How we cite our quotes: (Chapter.Paragraph)
Quote #1
Who is that girl? She cannot be me. Her hair is too big. It stands up big as a bush, just like the hair of the toy man with the rainbow face. Uhmma did not tell me this was curly hair. She said it would look like the sea. But it does not. I am a Mi Gook girl with big ugly toy-man hair. (5.58)
Young Ju isn't even in America yet and already she's confronted with what America is all about: a total change in her appearance. Not that America has to be about changing what she looks like, but Young Ju doesn't know that just yet—all she knows is that she doesn't look like herself, and not in a good way. Think of this moment as a foreshadowing of how foreign she'll end up feeling once she gets to America.
Quote #2
In the big room, Apa is sitting next to Sahmchun, who is a Mi Gook person with big round money eyes like in the picture of God. Only his money eyes are not dark as night. They are daytime, sun-is-shining, sky-color eyes. His hair is wavy brown seaweed. He says to call him Uhing Kel Thim. That is Mi Gook talk for Sahmchun, but my mouth does not want to make those words. He says it is fine to call him Sahmchun until my mouth is ready to learn. (7.6)
If you haven't figured it out already, Sahmchun is Korean for uncle and Uhing Kel Thim is actually Young Ju trying to pronounce Uncle Tim with her broken English. Uncle Tim seems like a pretty cool guy. After all, he's totally accepting of Young Ju's inability to say his name… although… would it really be so bad if Young Ju spoke broken English or called her uncle Sahmchun and not Uncle Tim?
Quote #3
The lady with the cloud hair is my teacher? But she is a giant person like in the long-ago stories Halmoni used to tell me so I would be a good girl. My teacher looks like the old witch who ate bad children for dinner. (8.5)
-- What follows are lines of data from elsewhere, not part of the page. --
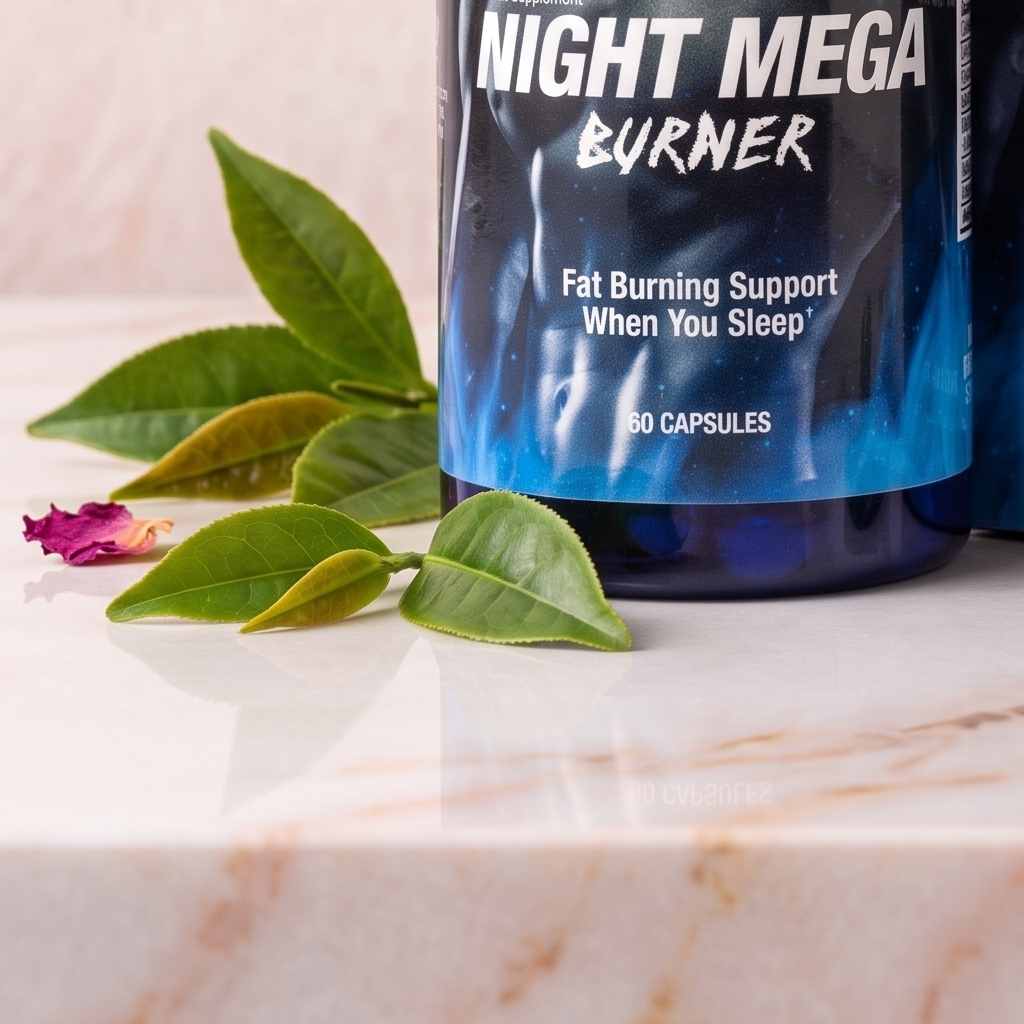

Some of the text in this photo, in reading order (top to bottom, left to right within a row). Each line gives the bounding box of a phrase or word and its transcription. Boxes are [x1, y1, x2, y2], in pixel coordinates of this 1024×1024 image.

[475, 8, 927, 100] NIGHT MEGA
[576, 111, 813, 175] BURNER
[562, 268, 838, 306] Fat Burning Support
[583, 306, 659, 338] When
[667, 307, 719, 338] You
[627, 411, 772, 436] 60 CAPSULES
Just imagine: you're a new kid in a new country at a new school and right in front of you is a teacher of a totally different race, speaking a completely different language. How else might you understand your new situation? For Young Ju, her closest reference just happens to be a story that seems to feature a big, witchy, white woman as a villainess. Hey, it's not just Western stories that feature stereotypes of other races.